START RECORDS PROVIDED

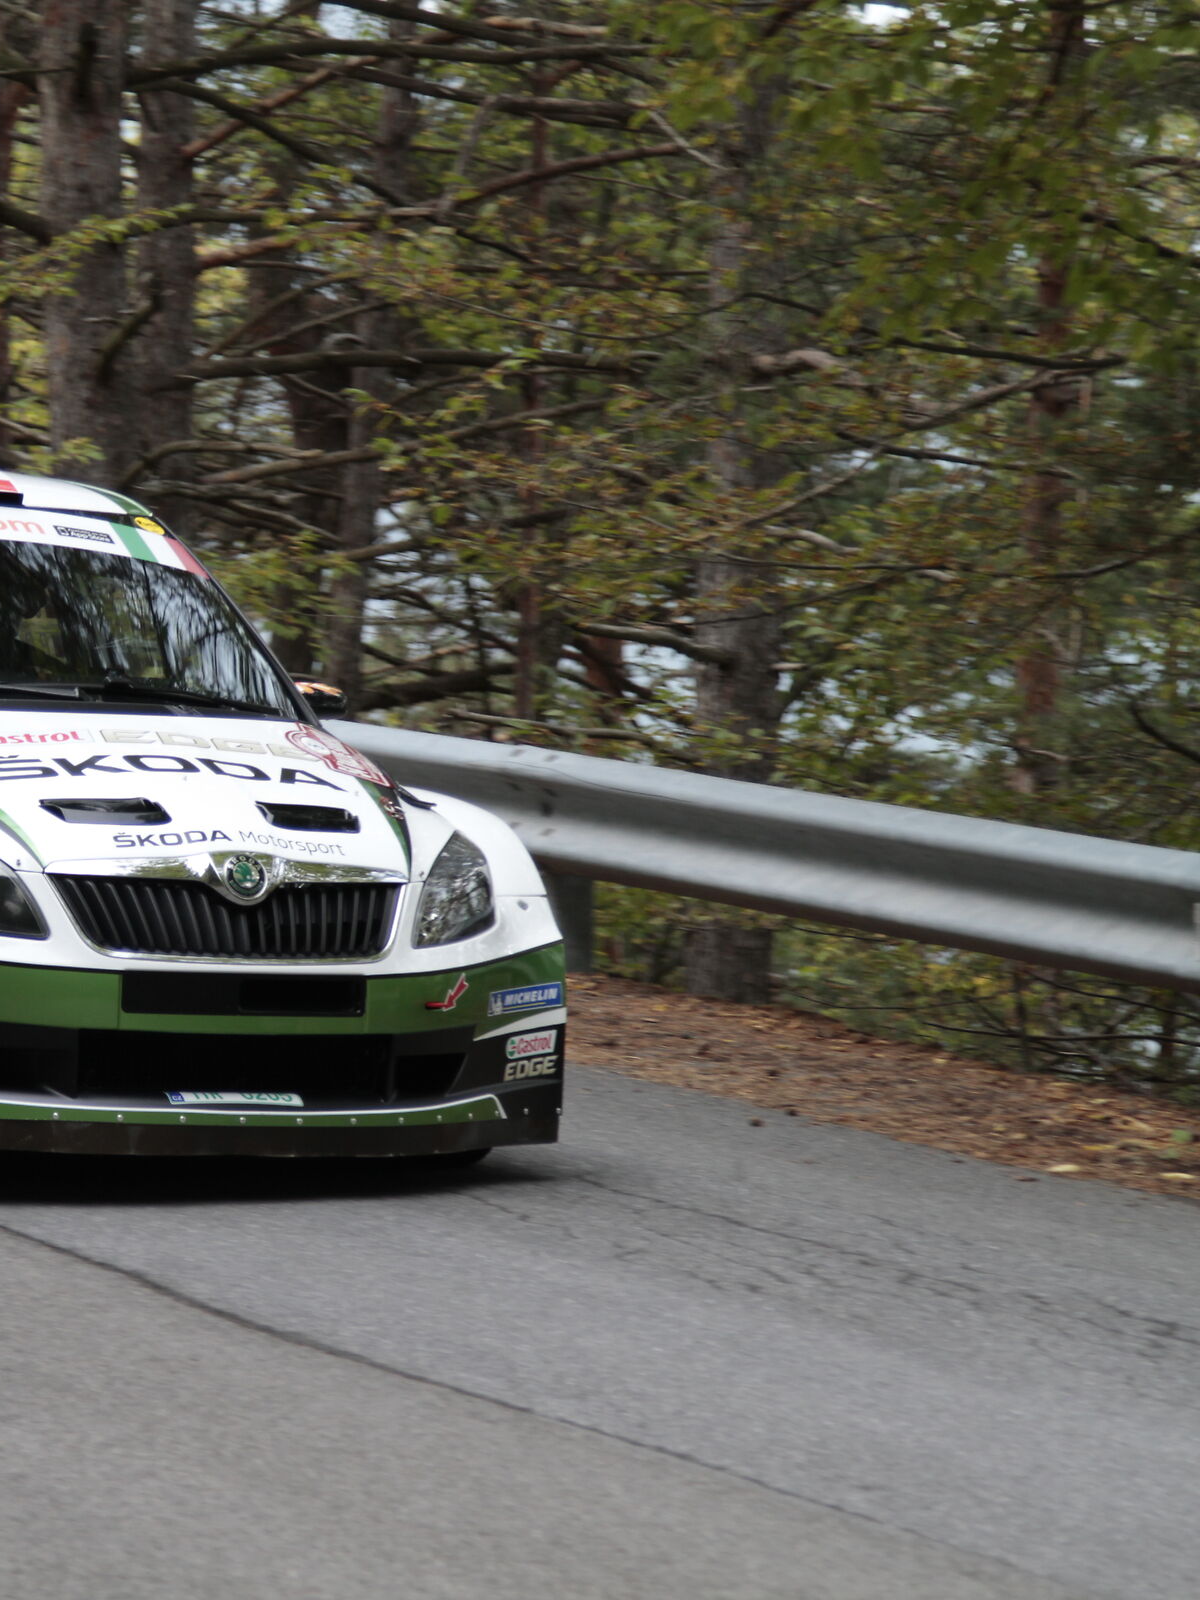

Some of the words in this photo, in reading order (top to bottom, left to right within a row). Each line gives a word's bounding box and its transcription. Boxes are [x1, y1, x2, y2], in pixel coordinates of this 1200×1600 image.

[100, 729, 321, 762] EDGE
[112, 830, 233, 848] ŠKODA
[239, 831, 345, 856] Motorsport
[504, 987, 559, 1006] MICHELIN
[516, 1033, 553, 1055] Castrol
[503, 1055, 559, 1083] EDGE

END RECORDS PROVIDED

◆ TASK GOAL:
The answer is the listing above repeated verbatim, minus its images.

◆ TASK RESPONSE:
Some of the words in this photo, in reading order (top to bottom, left to right within a row). Each line gives a word's bounding box and its transcription. Boxes are [x1, y1, x2, y2], in pixel coordinates of this 1200×1600 image.

[100, 729, 321, 762] EDGE
[112, 830, 233, 848] ŠKODA
[239, 831, 345, 856] Motorsport
[504, 987, 559, 1006] MICHELIN
[516, 1033, 553, 1055] Castrol
[503, 1055, 559, 1083] EDGE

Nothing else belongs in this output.